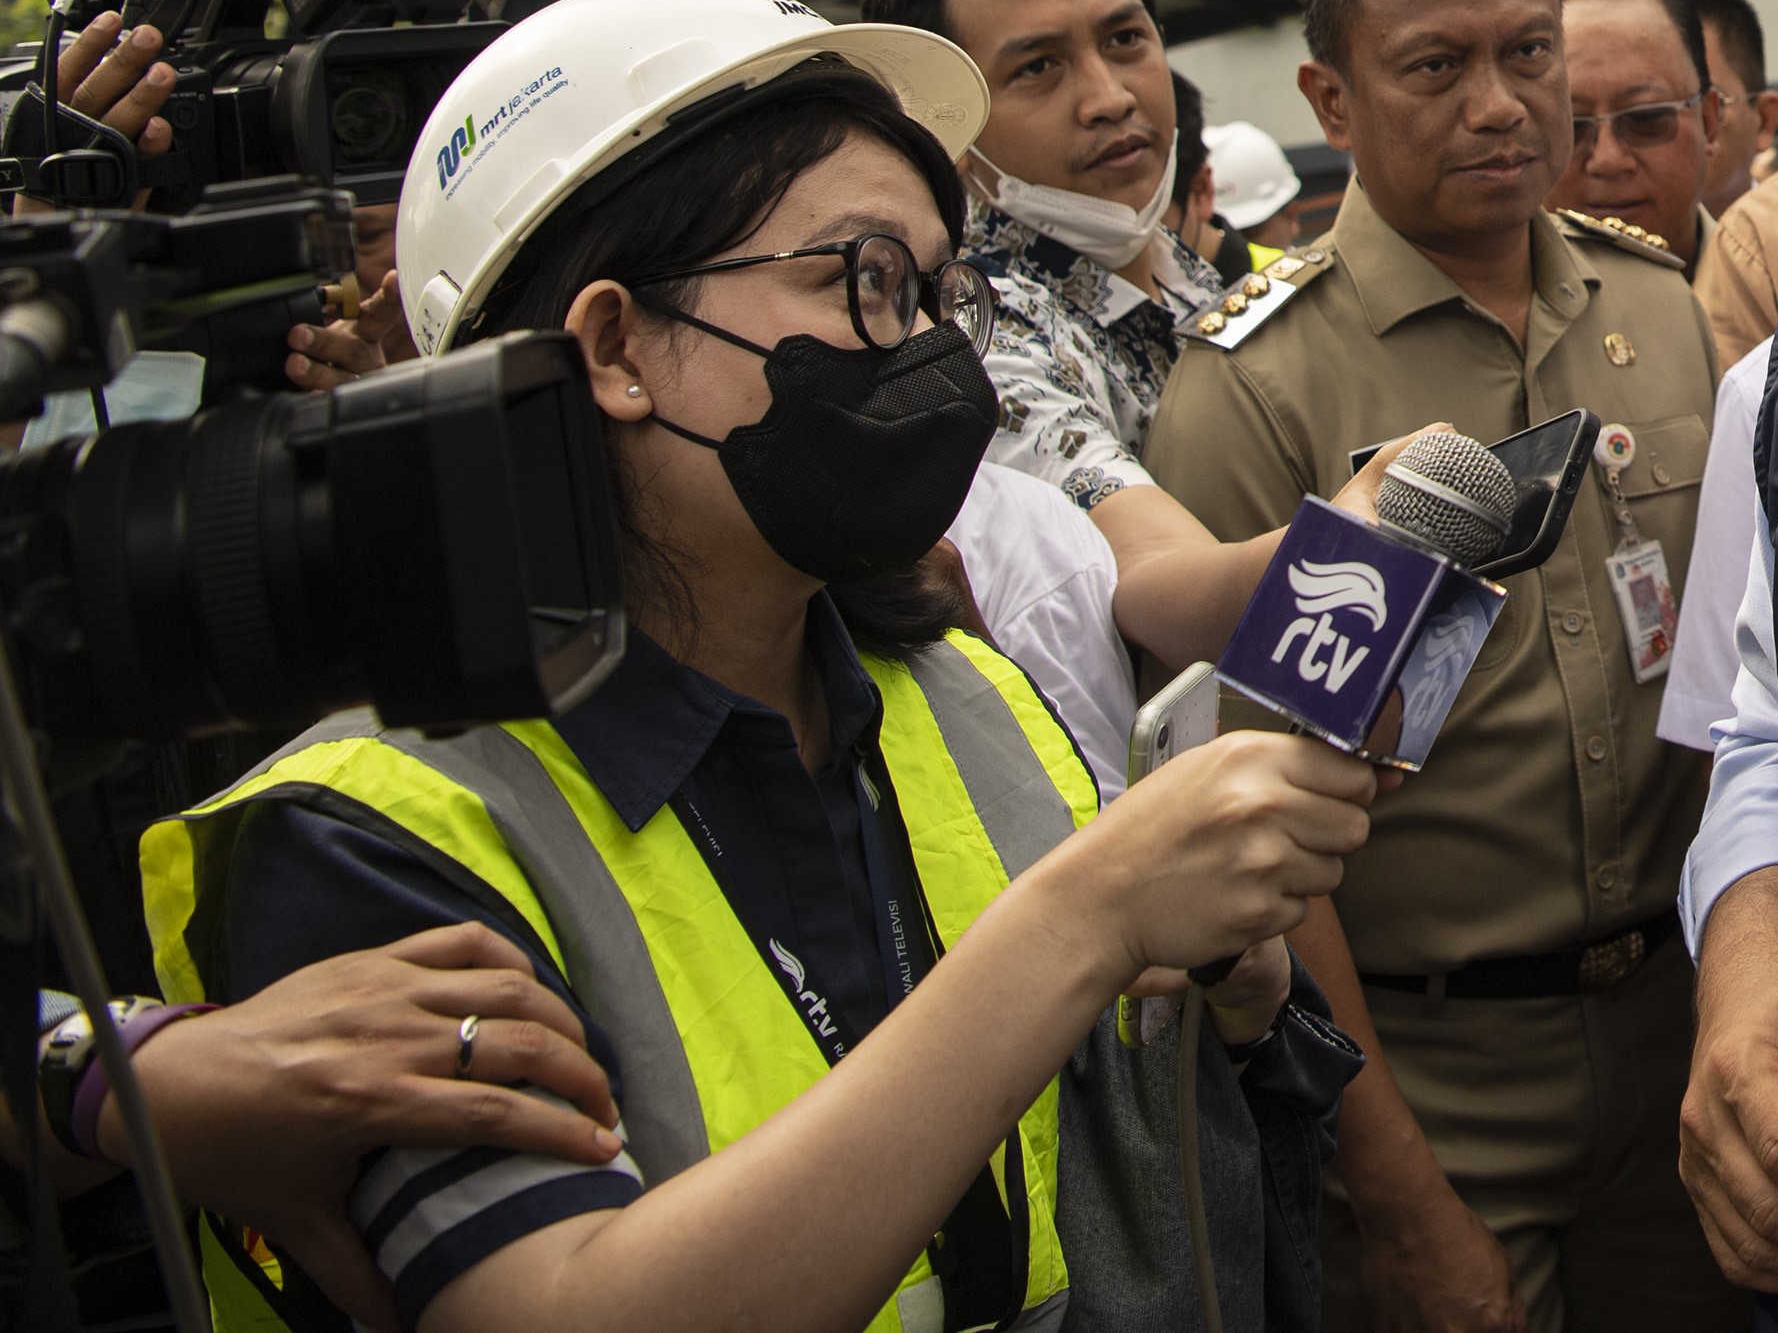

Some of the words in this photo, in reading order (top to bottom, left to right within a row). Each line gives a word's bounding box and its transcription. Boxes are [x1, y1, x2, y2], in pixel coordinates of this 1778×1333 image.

[445, 164, 474, 202] increasing
[529, 96, 543, 109] life
[542, 78, 570, 99] quality
[479, 105, 508, 140] mrt
[508, 66, 564, 116] jakarta
[1270, 611, 1371, 695] rtv
[888, 899, 909, 960] TELEVISI
[799, 990, 839, 1038] rtv
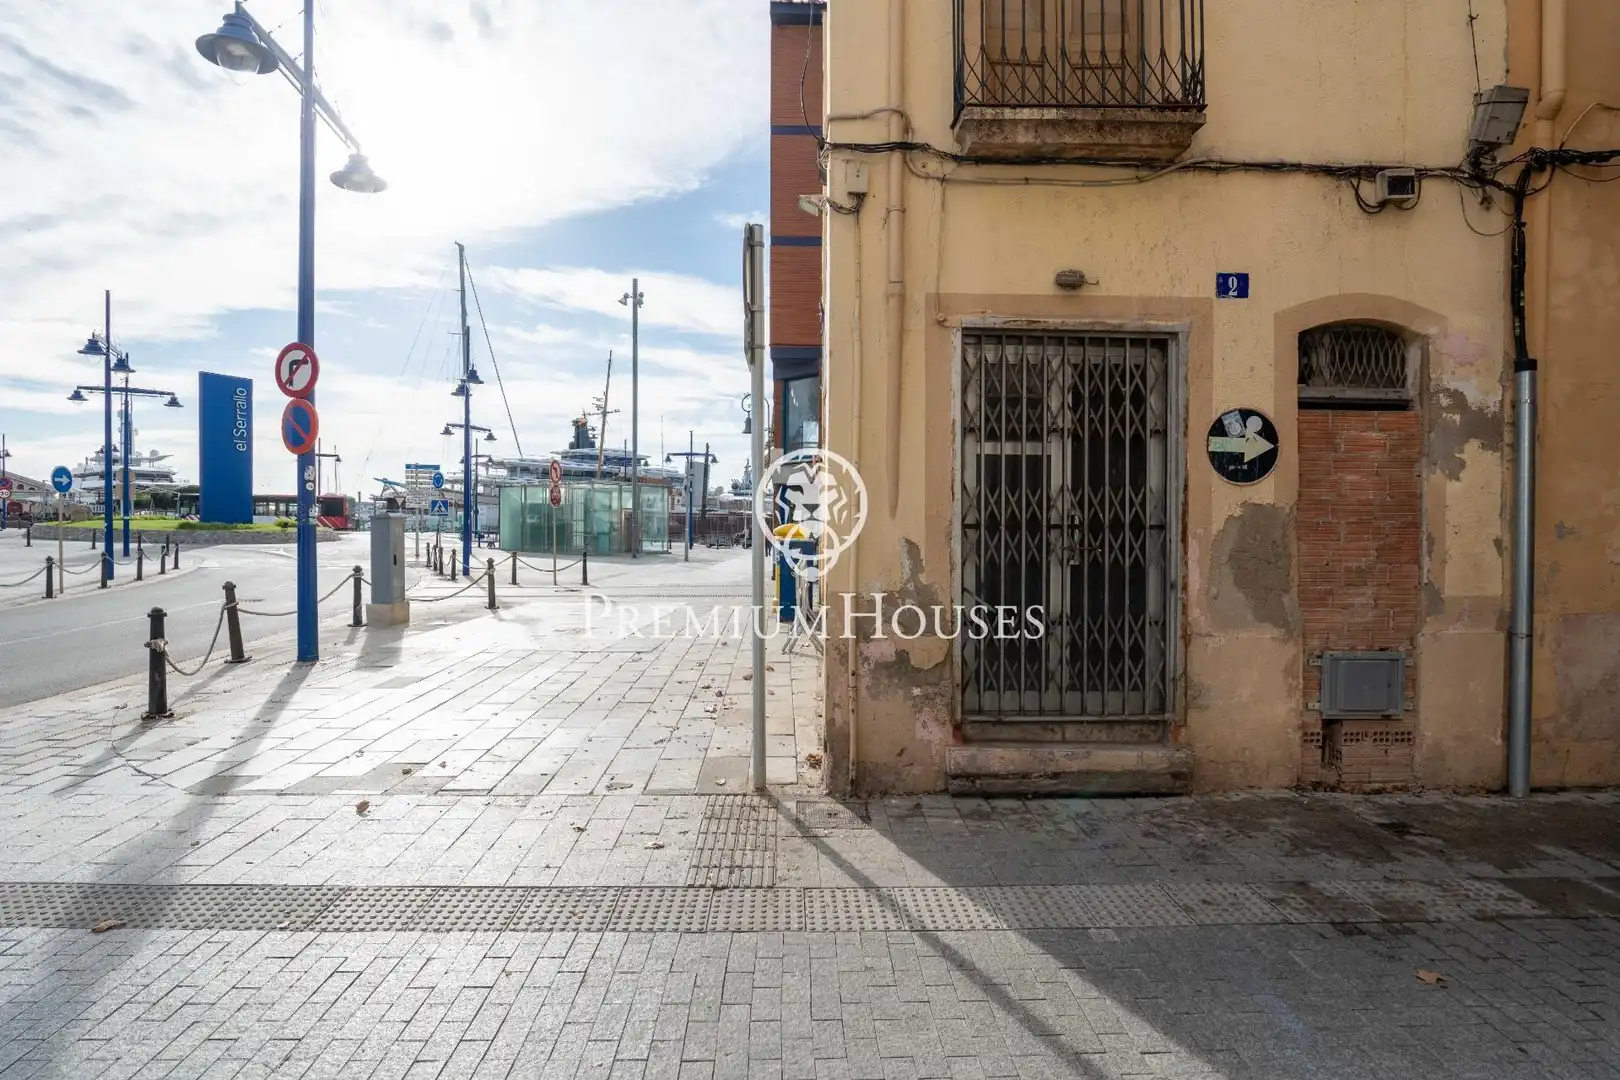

TASK REQUIREMENTS
The records above should be reproduced exactly, with no pictures included.

RESPONSE TO THIS TASK
Some of the words in this photo, in reading order (top to bottom, left to right within a row). Each line gives a word's bounding box and its transcription. Boxes are [x1, y1, x2, y2], in pixel coordinates of this 1778×1333 image.

[445, 164, 474, 202] increasing
[529, 96, 543, 109] life
[542, 78, 570, 99] quality
[479, 105, 508, 140] mrt
[508, 66, 564, 116] jakarta
[1270, 611, 1371, 695] rtv
[888, 899, 909, 960] TELEVISI
[799, 990, 839, 1038] rtv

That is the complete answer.